When the 2020 shutdown happened, Graziano had already secured an internship and was looking to find a baseball team for the summer.

A double major in Finance and Risk Management, Graziano is doing his internship with Chicago-based Aon and pitching on weekends with the Midwest Collegiate League’s Northwest Indiana Oilmen.

Butler business school requires two internships,” says Graziano. “That’s 240 hours. You also take a class, write a paper and do interviews.

“It’s kind of a lot.”

For his first internship, Joe is on the clock online at his house in Schererville, Ind., from 8:30 a.m. to 4:30 p.m. weekdays. He is upstairs while his mother, Roxanna, does her sales job with U.S. Steel, is in the basement. 

When Joe is done with his internship duties, he does his band and weighted ball work and heads across the street to Autumn Creek Park to play catch with younger brother Joshua. 

At 21, Joe is two years older than his brother. Joshua is enrolled at Indiana University Purdue University-Indianapolis.
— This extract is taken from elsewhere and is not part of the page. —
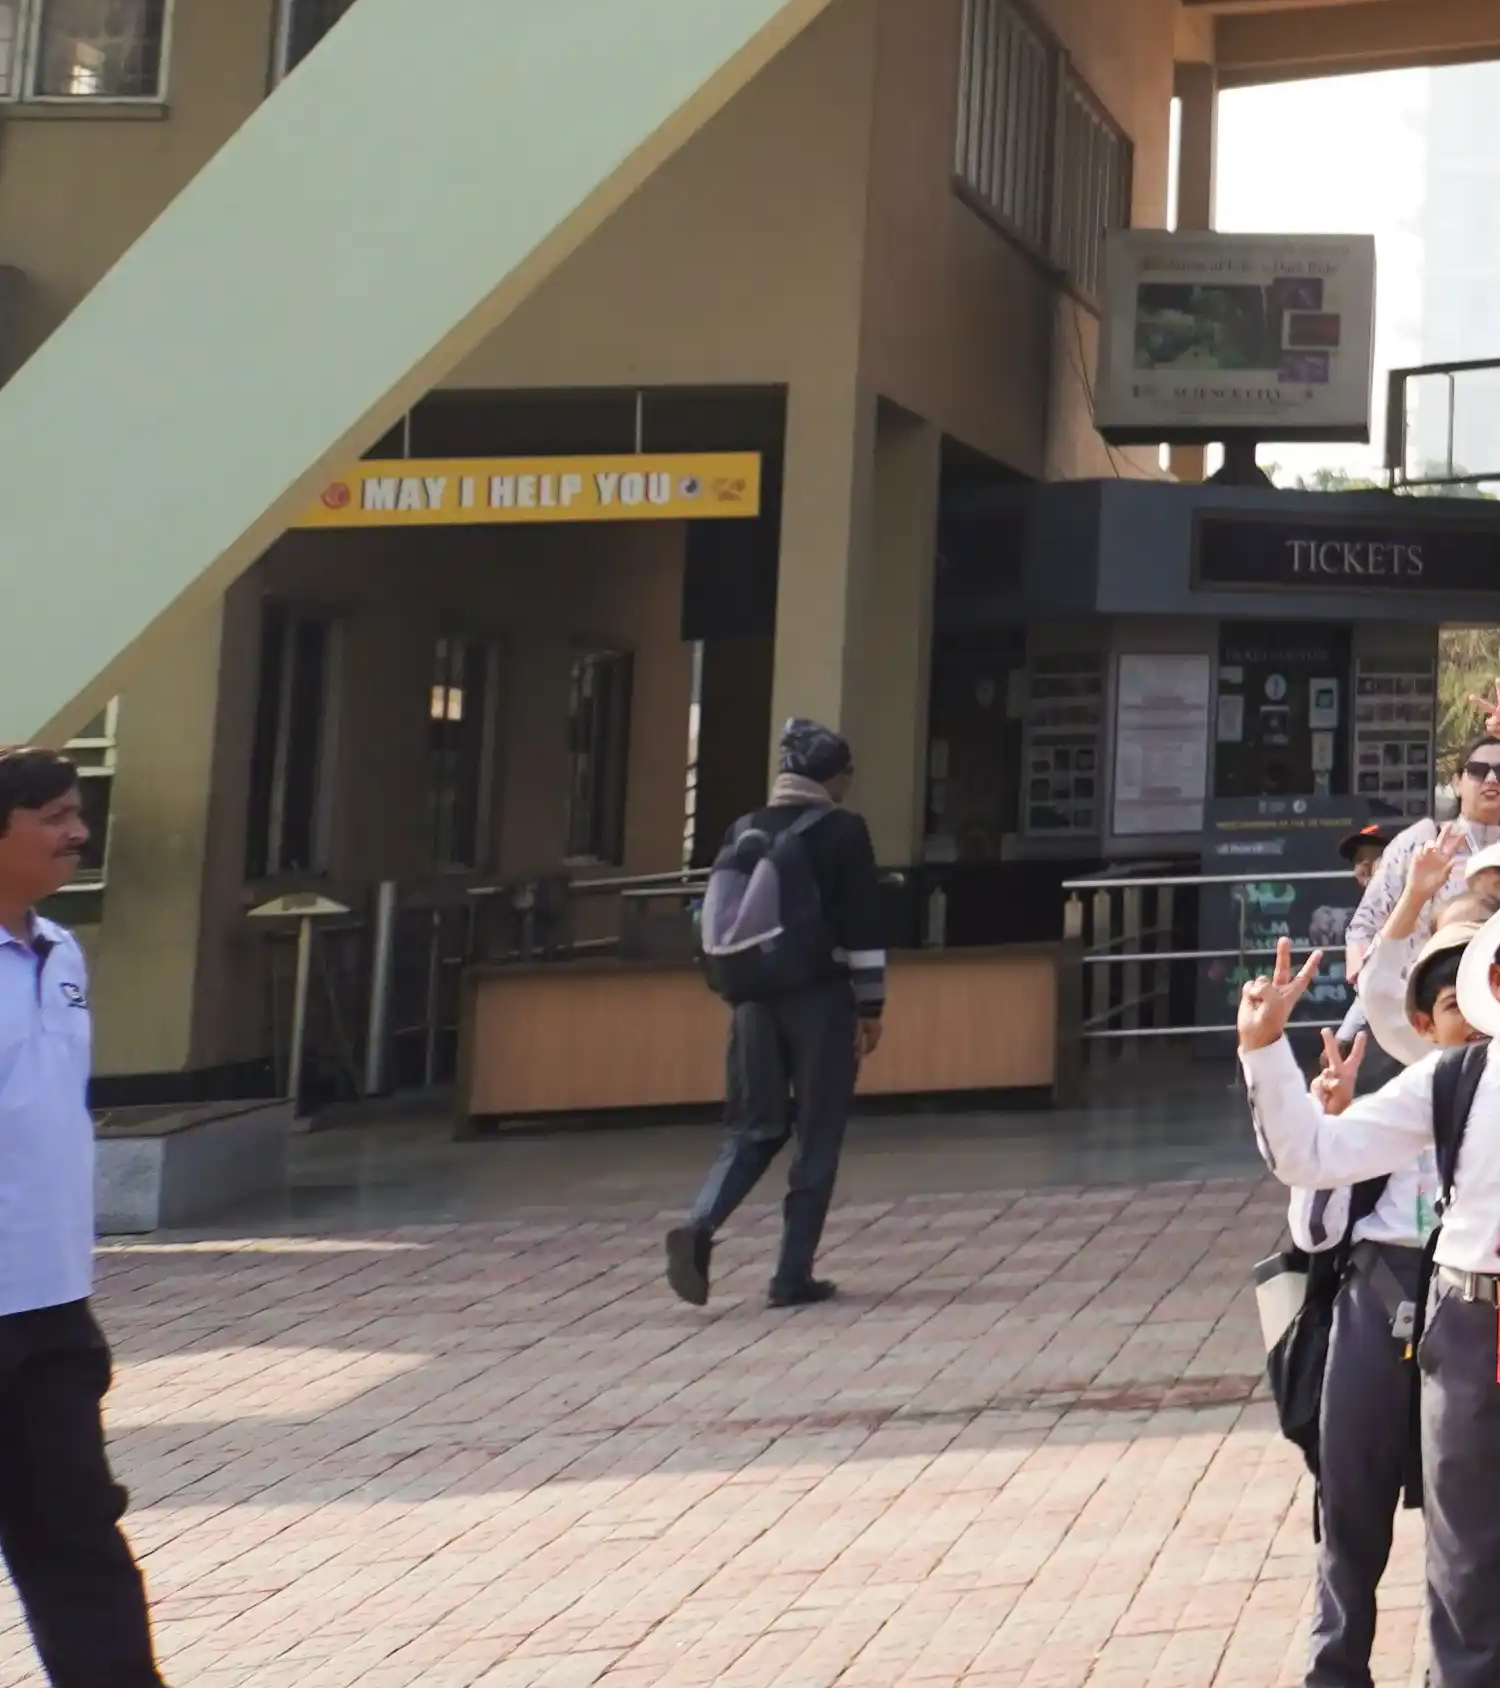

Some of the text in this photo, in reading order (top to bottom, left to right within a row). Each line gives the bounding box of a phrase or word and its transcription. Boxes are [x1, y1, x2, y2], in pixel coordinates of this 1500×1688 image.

[362, 471, 672, 511] MAY I HELP YOU
[1285, 539, 1424, 576] TICKETS
Their father, Joseph, is a manager at the BP Whiting Refinery, which is very near where Joe is in his second stint with the Oilmen.

The summer right after he graduated from Lake Central in 2017, Joe appeared in seven Northwest Indiana games (five starts) and went 3-1 with a 1.16 ERA, 39 strikeouts and six walks in 31 innings.

“It was the first time I faced college hitters,” says Graziano. “I was playing with kids out of The Region. We were  finally on a friendly surface and can be teammates.

Manager Adam Enright, a Munster (Ind.) High School and University of Southern Indiana graduate, also worked closely with Oilmen pitchers.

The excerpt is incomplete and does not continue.